Oxygen Activation and Aerobic Oxidation

Molecular oxygen is kinetically quite stable towards reaction at room temperature because of its triplet ground state and strong oxygen-oxygen bond. On the other hand the thermodynamic tendency for the reaction of O2 is combustion, that is to form carbon dioxide (CO2) and water (H2O). Thus, hydrocarbons typically react with O2 via a complex free-radical pathway termed autooxidation. These reactions are usually not selective and often have little synthetic utility. In order to overcome this limitation, in our group we are developing catalysts that catalyze reactions by new reaction pathways. Catalysis is used both to lower the activation energy of the reaction and to change the chemoselectivity of the reaction.

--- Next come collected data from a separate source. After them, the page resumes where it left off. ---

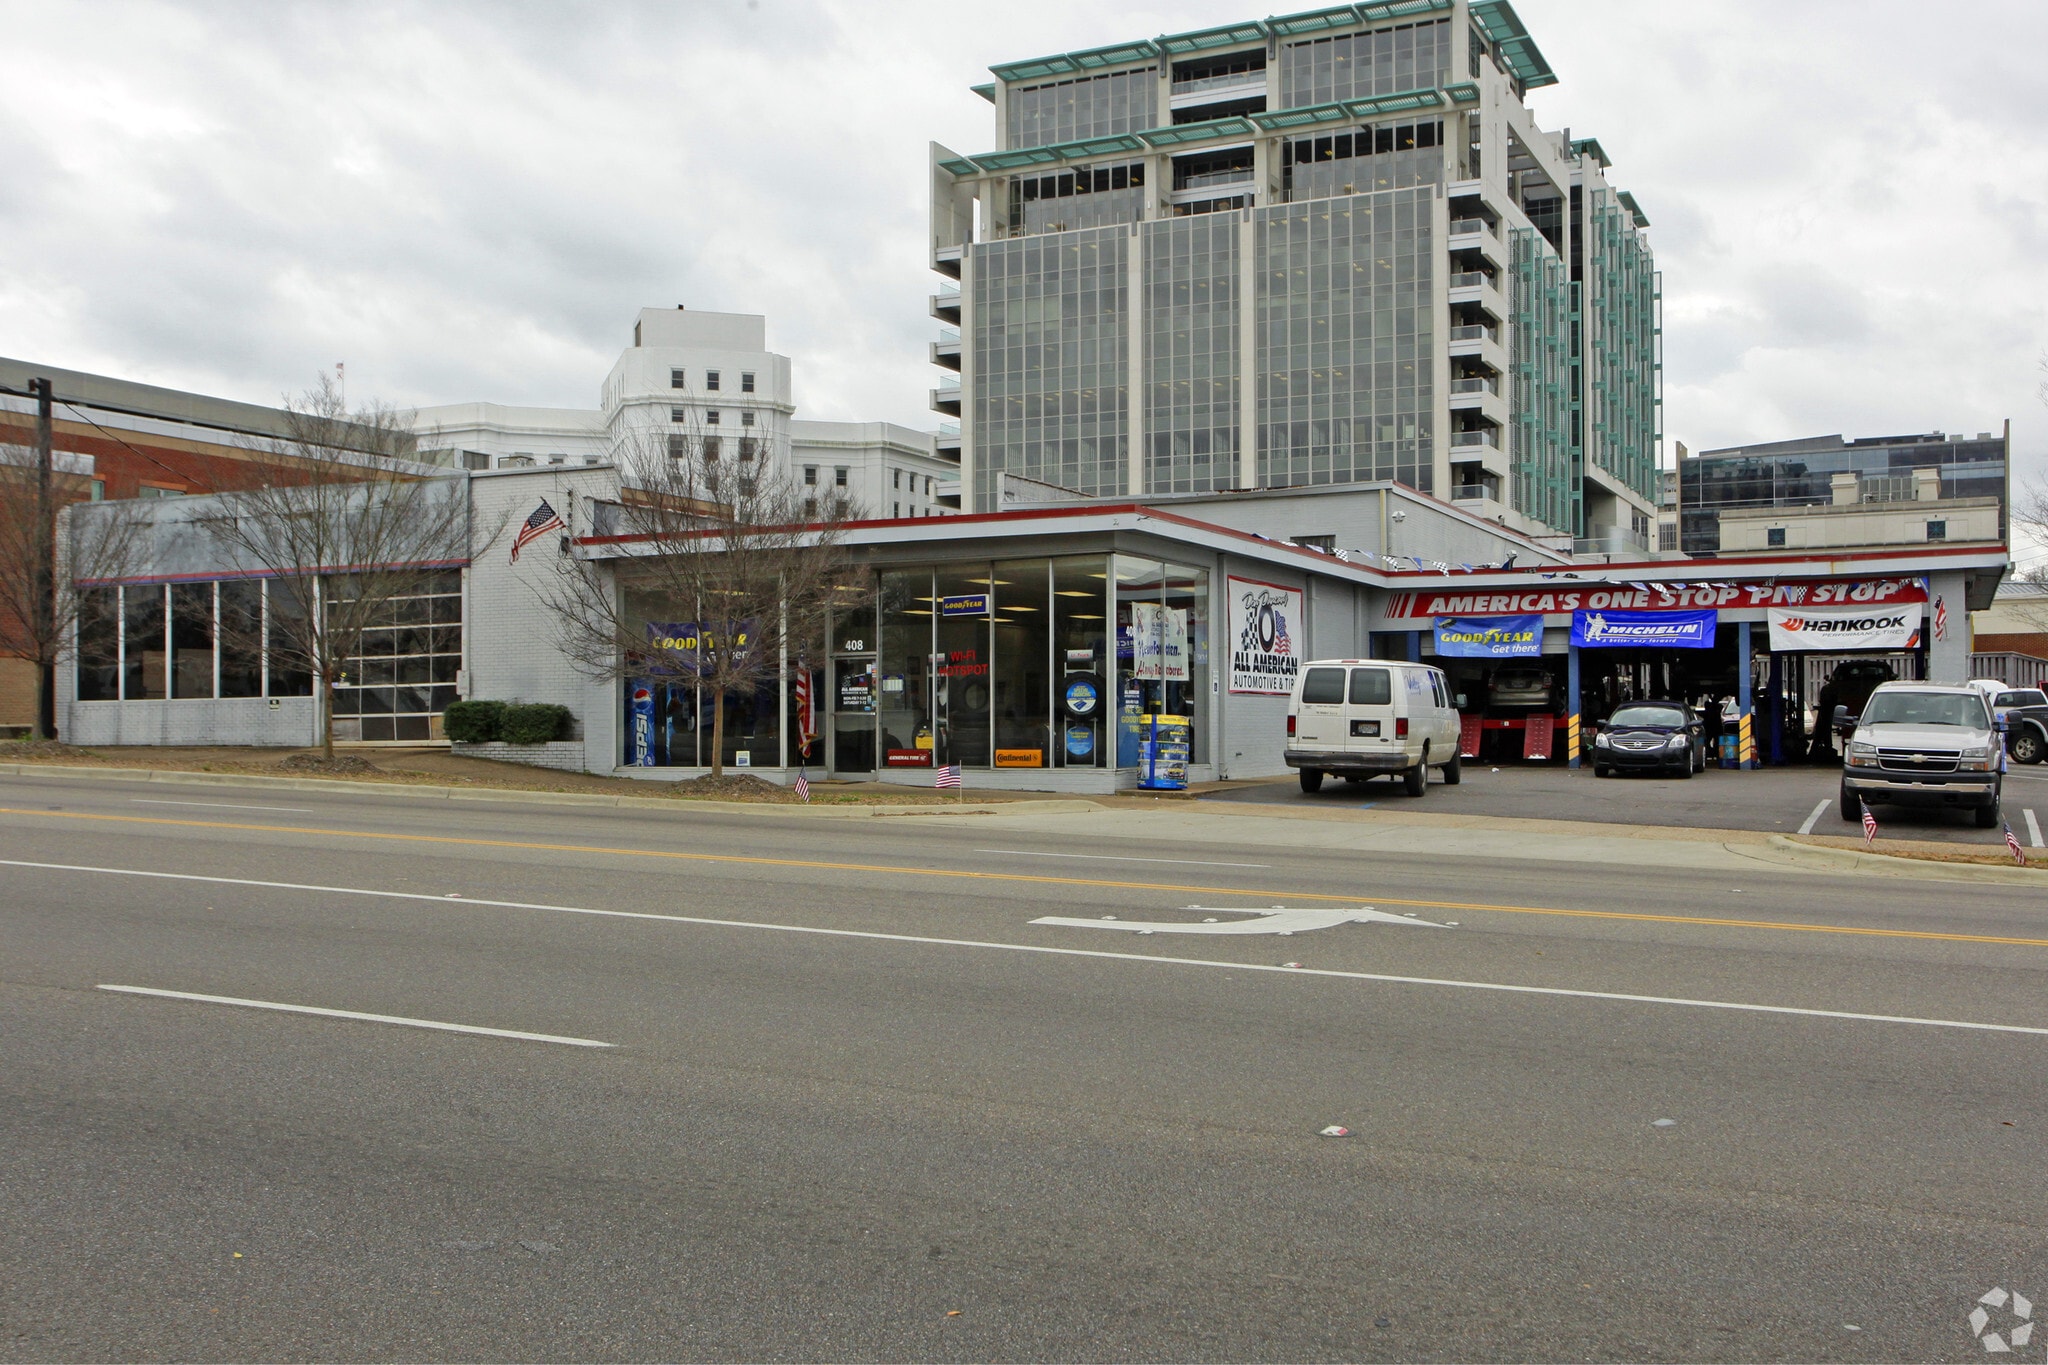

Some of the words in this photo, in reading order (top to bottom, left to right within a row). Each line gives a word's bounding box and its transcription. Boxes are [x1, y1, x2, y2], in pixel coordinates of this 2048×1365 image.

[944, 599, 983, 610] GOODYEAR
[1426, 593, 1580, 614] AMERICA'S
[1588, 591, 1649, 609] ONE
[1658, 588, 1740, 607] STOP
[1607, 624, 1698, 635] MICHELIN
[1440, 629, 1534, 645] GOODYEAR
[845, 640, 864, 651] 408
[1492, 644, 1510, 654] Get
[1512, 644, 1538, 653] there
[950, 649, 977, 662] WI-FI
[1234, 651, 1250, 672] ALL
[1253, 654, 1298, 676] AMERICAN
[939, 664, 989, 677] HOTSPOT
[1234, 675, 1277, 690] AUTOMOTIVE
[1279, 678, 1283, 690] &
[1285, 678, 1295, 690] TIR
[997, 754, 1032, 763] Continental

We are studying three different approaches to Oxygen Activation and Aerobic Oxidation

(a)  Electron Transfer-Oxygen Transfer Pathways Catalyzed by Polyoxometalates for Hydrocarbon Functionalization.

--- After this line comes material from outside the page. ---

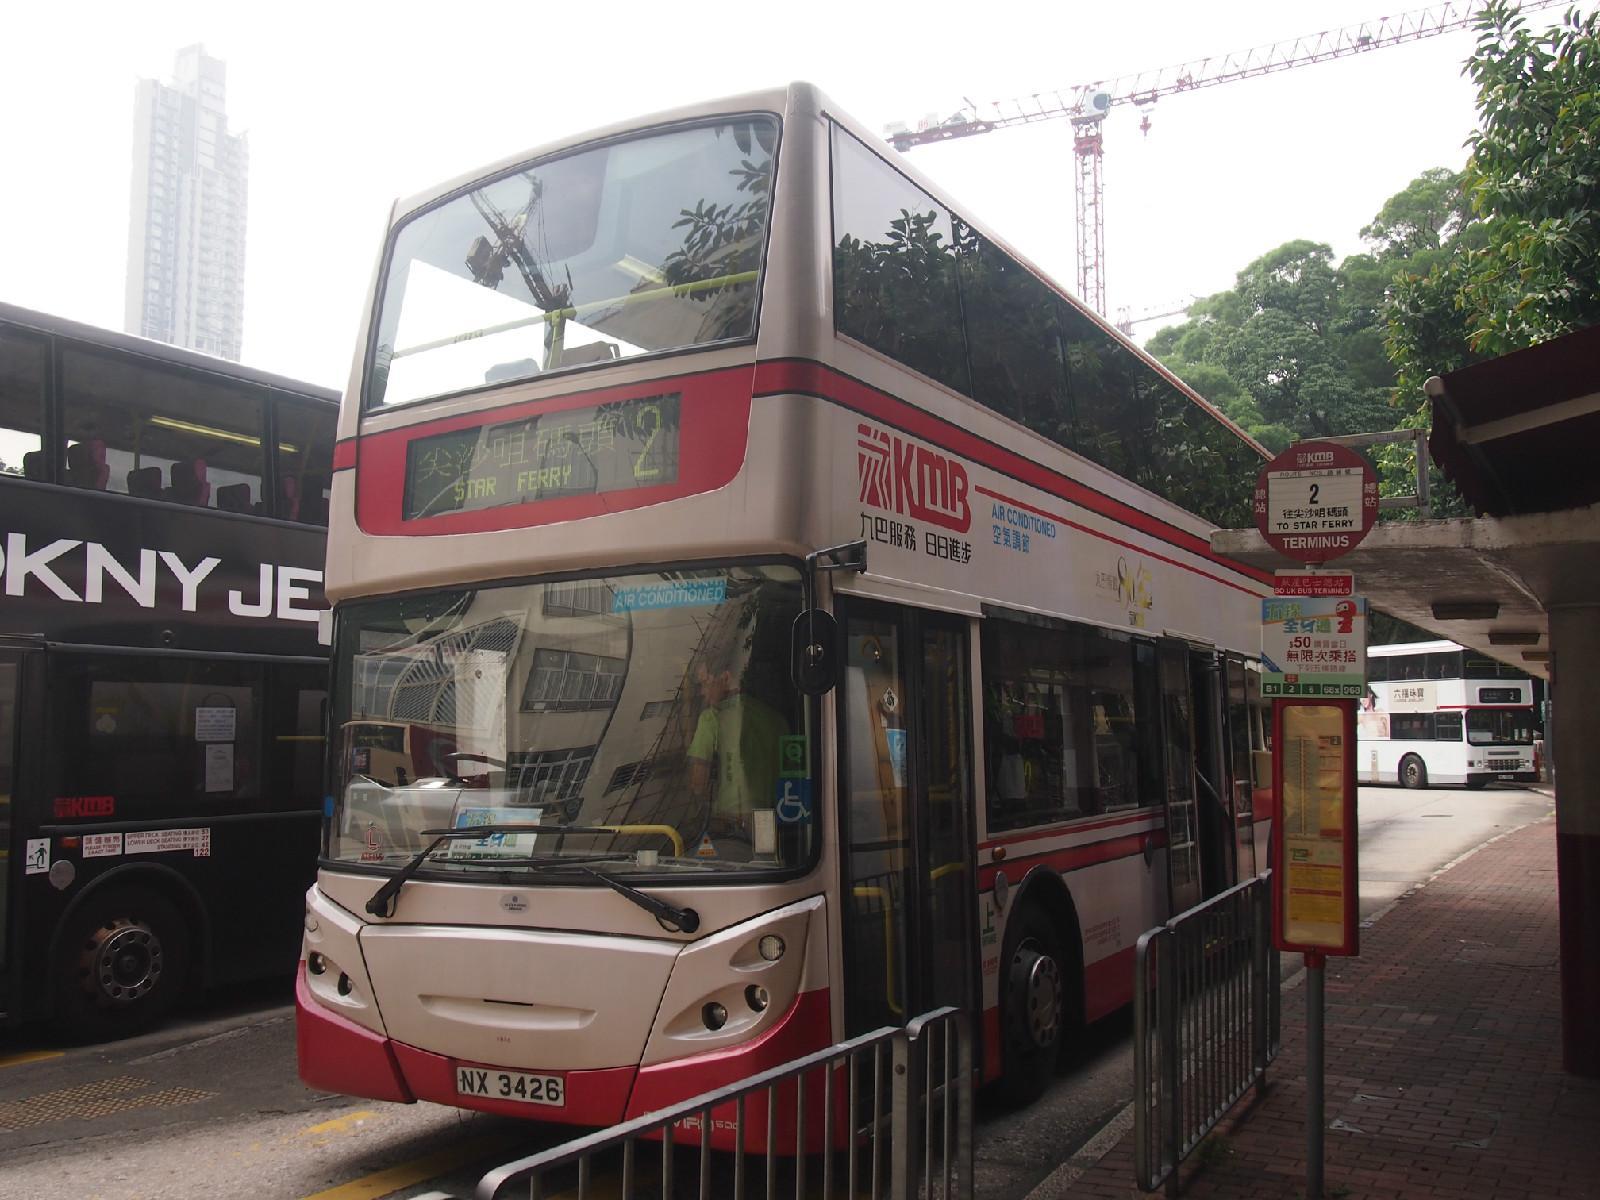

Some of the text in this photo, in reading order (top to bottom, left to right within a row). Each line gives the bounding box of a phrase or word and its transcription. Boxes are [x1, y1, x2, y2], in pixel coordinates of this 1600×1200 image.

The general methodology for aerobic oxidation reactions by such mechanisms involves activation of a substrate, typically a hydrocarbon, by electron transfer. In earlier work described in the 1990’s this electron transfer led to a dehydrogenated product while concomitantly the reduced catalyst was reoxidized by O2. More recently we were able to show that the electron transfer oxidation of the hydrocarbon substrate can be coupled to an oxygen transfer from the polyoxometalate catalyst by a mechanism we now term an electron transfer-oxygen transfer (ET-OT) mechanism. This is a unique mechanism in liquid phase oxidation Some salient features of these reactions are that (a) electron transfer or reduction of the catalyst is needed for subsequent oxygen transfer and (b) the catalyst can be recycled by O2. Such concepts were extended to novel reactions for example the oxidation of primary and vicinal alcohols by C-C bond cleavage rather than by the very prevalent C-H bond activation useful for deconstruction of biomass to useful intermediates


(b)  Reductive Activation of Molecular Oxygen

Collectively, monooxygenases have diverse structures and active site configurations but it can be generalized that molecular oxygen activation takes place via the bonding of O2 to a Fe(II) or Cu(I) center, followed by lysis of the O-O bond under reducing conditions to yield a highly active oxygen donating species for hydrocarbon oxygenation. In our research we use both iron-containing and copper-containing polyoxometalates to electrochemical activate oxygen under reducing conditions to oxidize alkanes, alkenes and other compounds at room temperature, including components of natural gas such as methane and ethane.